• **Assignment**: Please repeat the records word for word and skip the pictures.

• **Spatial localization data**:
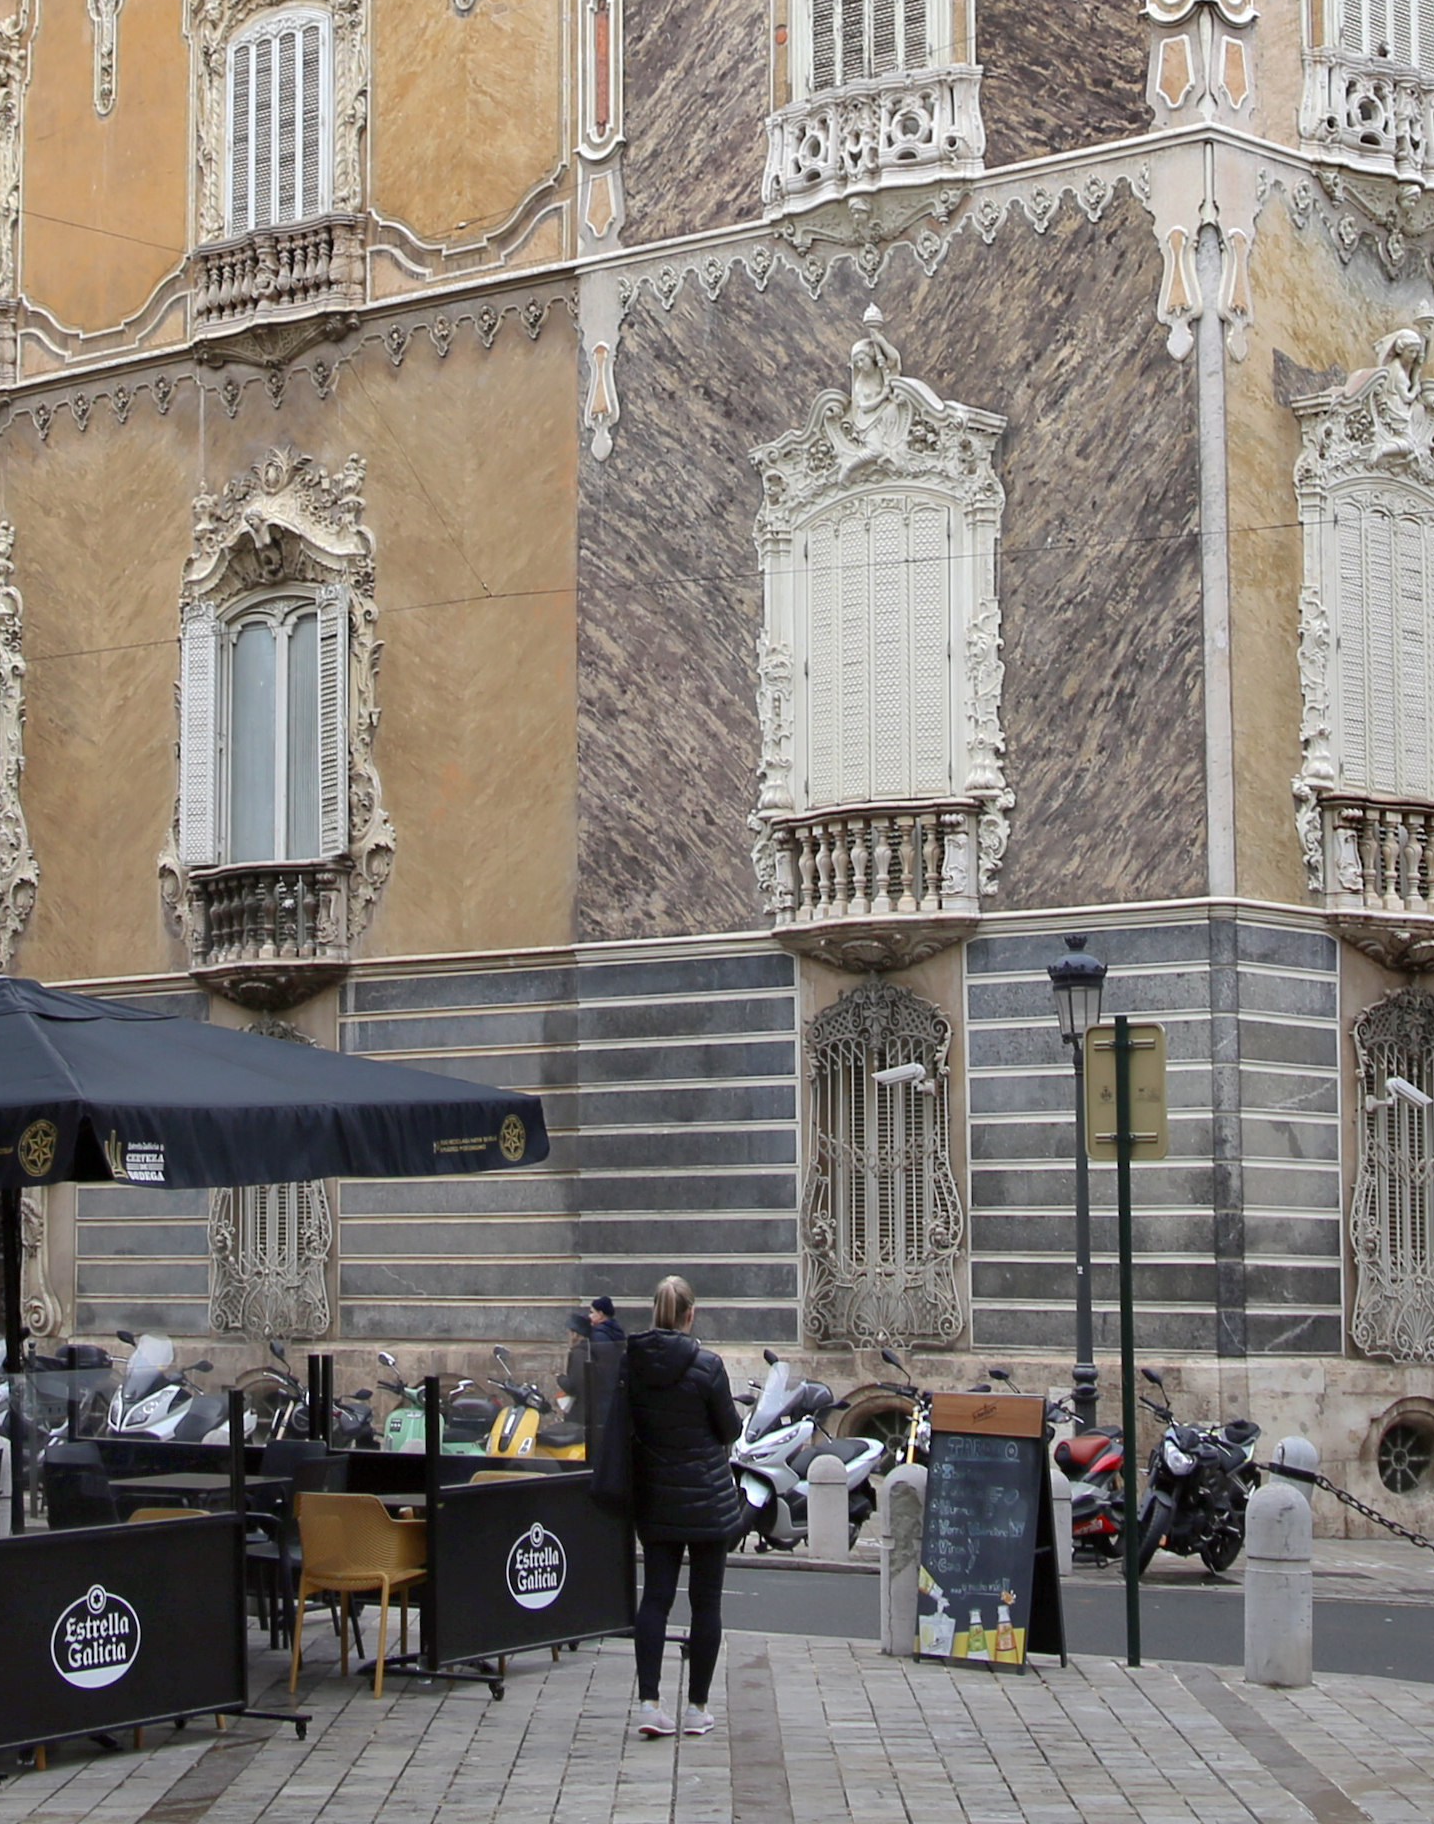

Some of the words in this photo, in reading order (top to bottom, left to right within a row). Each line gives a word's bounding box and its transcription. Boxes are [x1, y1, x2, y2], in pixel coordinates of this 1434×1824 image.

[515, 1546, 559, 1570] Estrella
[517, 1566, 558, 1592] Galicia
[64, 1611, 130, 1643] Estrella
[68, 1636, 127, 1668] Galicia
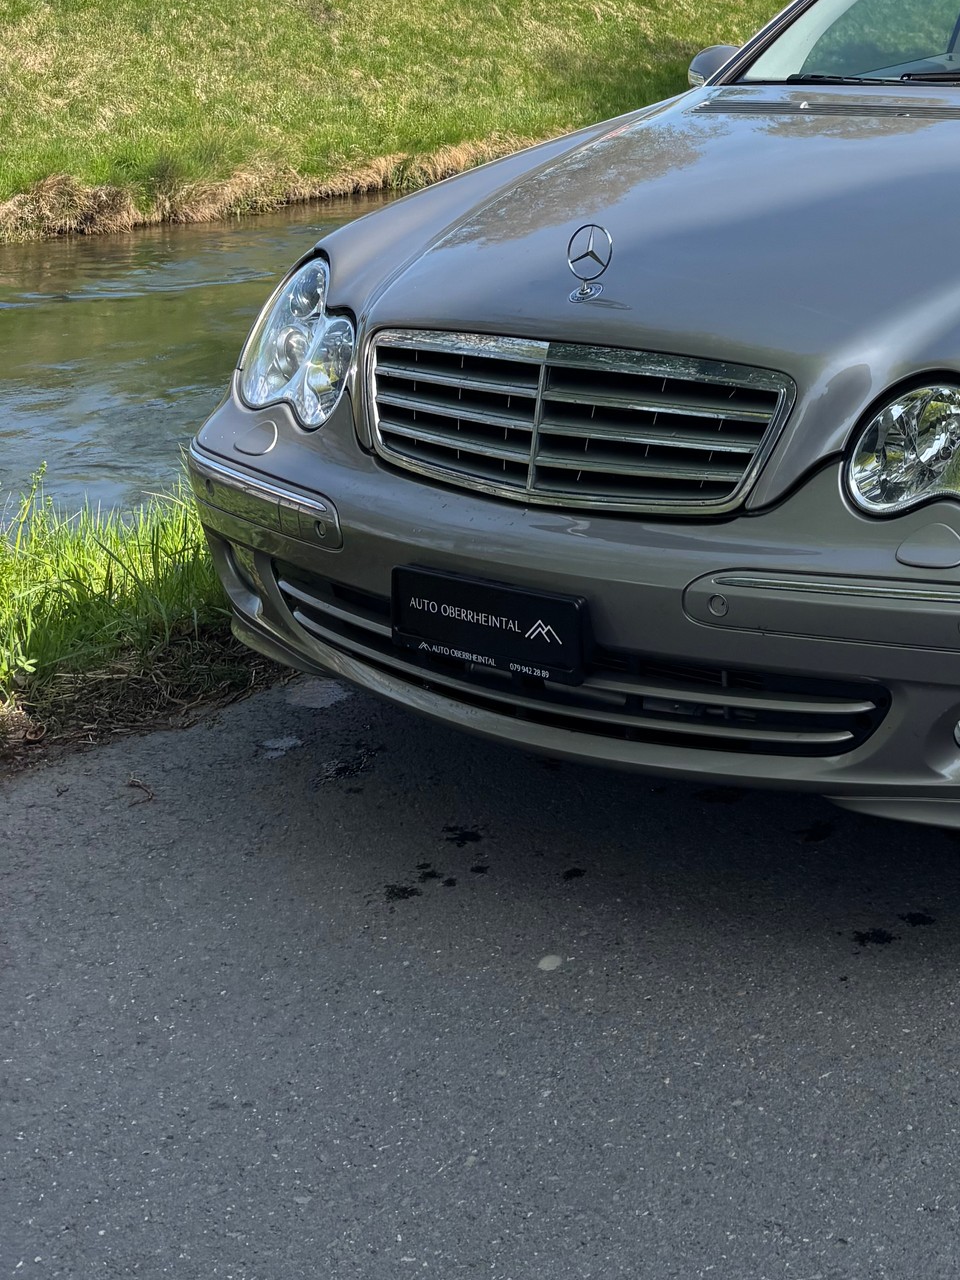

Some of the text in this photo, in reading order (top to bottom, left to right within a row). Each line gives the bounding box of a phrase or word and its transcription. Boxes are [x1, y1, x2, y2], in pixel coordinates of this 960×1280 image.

[409, 597, 521, 633] AUTO OBERRHEINTAL
[431, 645, 496, 666] AUTO OBERRHEINTAL
[509, 663, 521, 672] 079
[521, 665, 533, 675] 942
[533, 668, 541, 677] 28
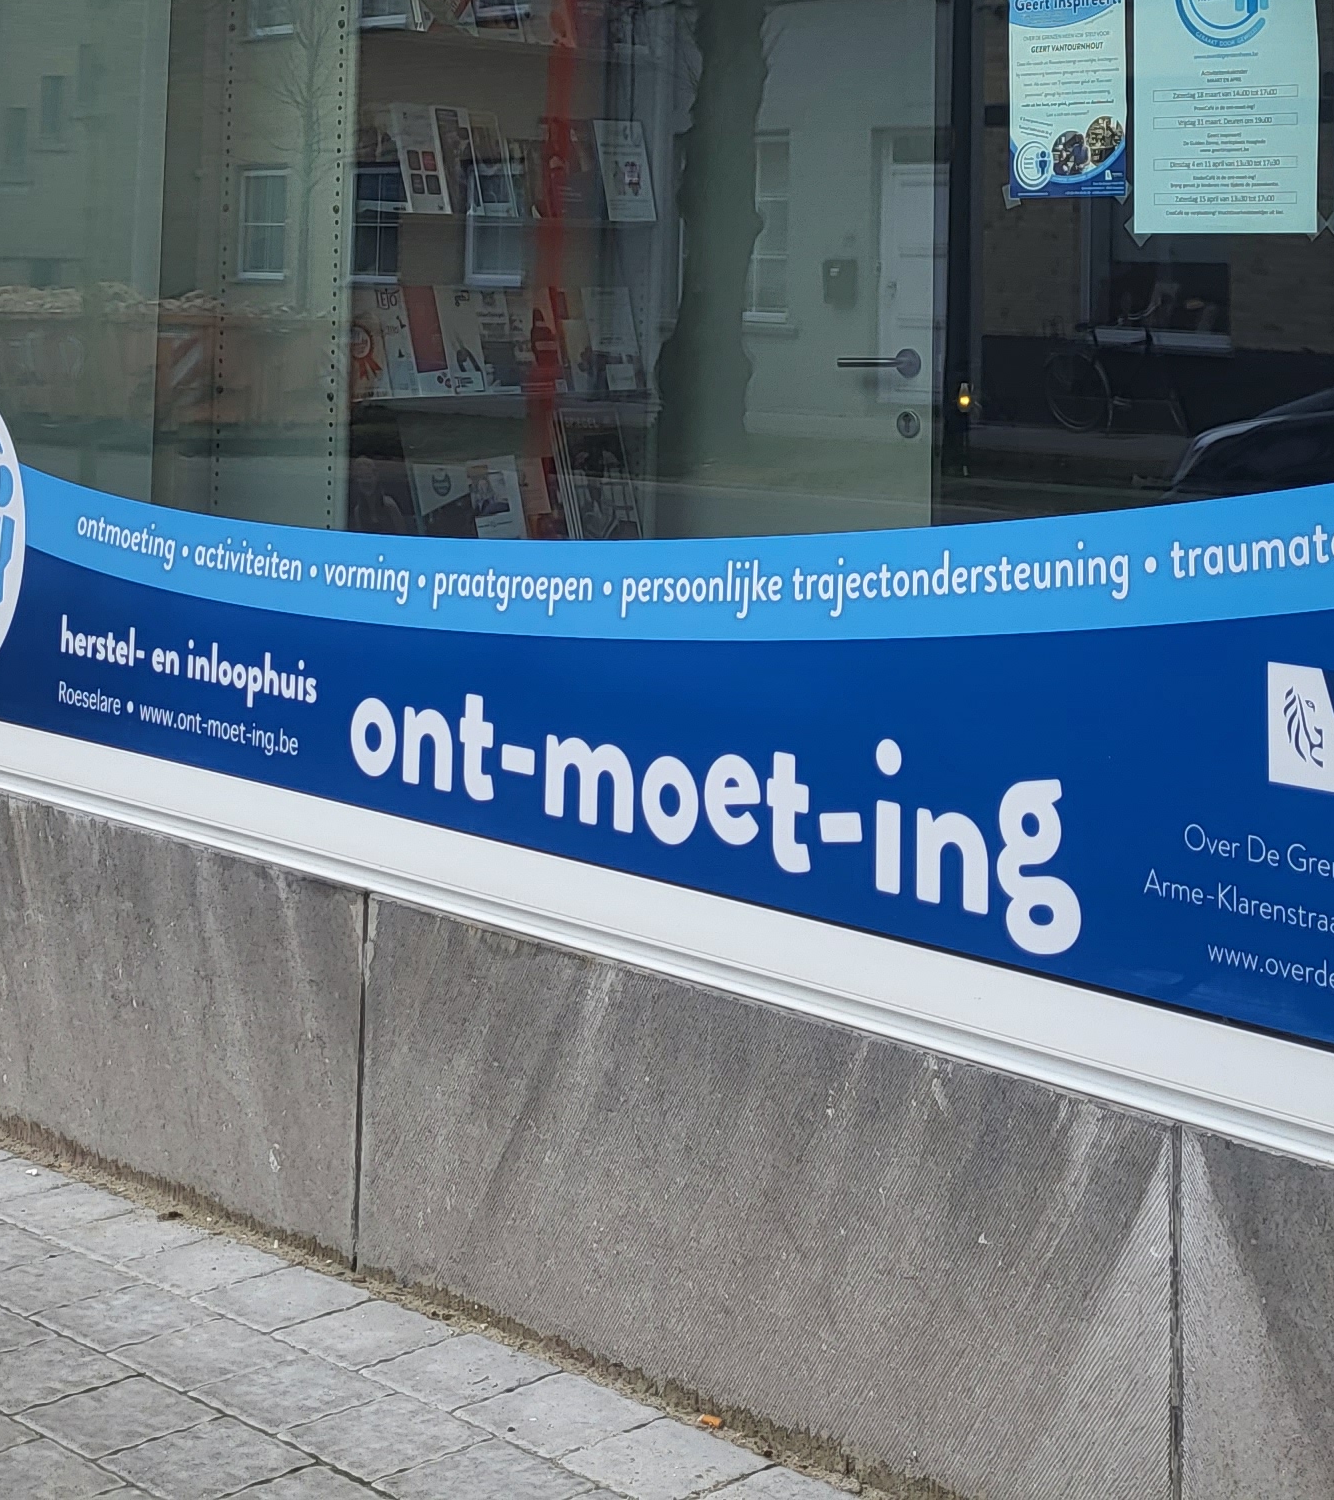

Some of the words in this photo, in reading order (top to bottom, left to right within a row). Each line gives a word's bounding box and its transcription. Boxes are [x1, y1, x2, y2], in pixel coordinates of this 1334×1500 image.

• **Result**:
Some of the words in this photo, in reading order (top to bottom, left to right within a row). Each line gives a word's bounding box and its transcription. Boxes are [x1, y1, x2, y2], in pixel coordinates of this 1434×1824 image.

[515, 1546, 559, 1570] Estrella
[517, 1566, 558, 1592] Galicia
[64, 1611, 130, 1643] Estrella
[68, 1636, 127, 1668] Galicia

Some of the text in this photo, in reading order (top to bottom, left to right within a row). Each line gives the bounding box of a phrase or word and its transcription. Boxes are [x1, y1, x2, y2], in pixel coordinates of this 960×1280 image.

[409, 597, 521, 633] AUTO OBERRHEINTAL
[431, 645, 496, 666] AUTO OBERRHEINTAL
[509, 663, 521, 672] 079
[521, 665, 533, 675] 942
[533, 668, 541, 677] 28

Some of the words in this photo, in reading order (top to bottom, left to right within a row). Each line gives a word's bounding box and its transcription. Boxes are [x1, y1, x2, y2], in pixel coordinates of this 1334×1500 image.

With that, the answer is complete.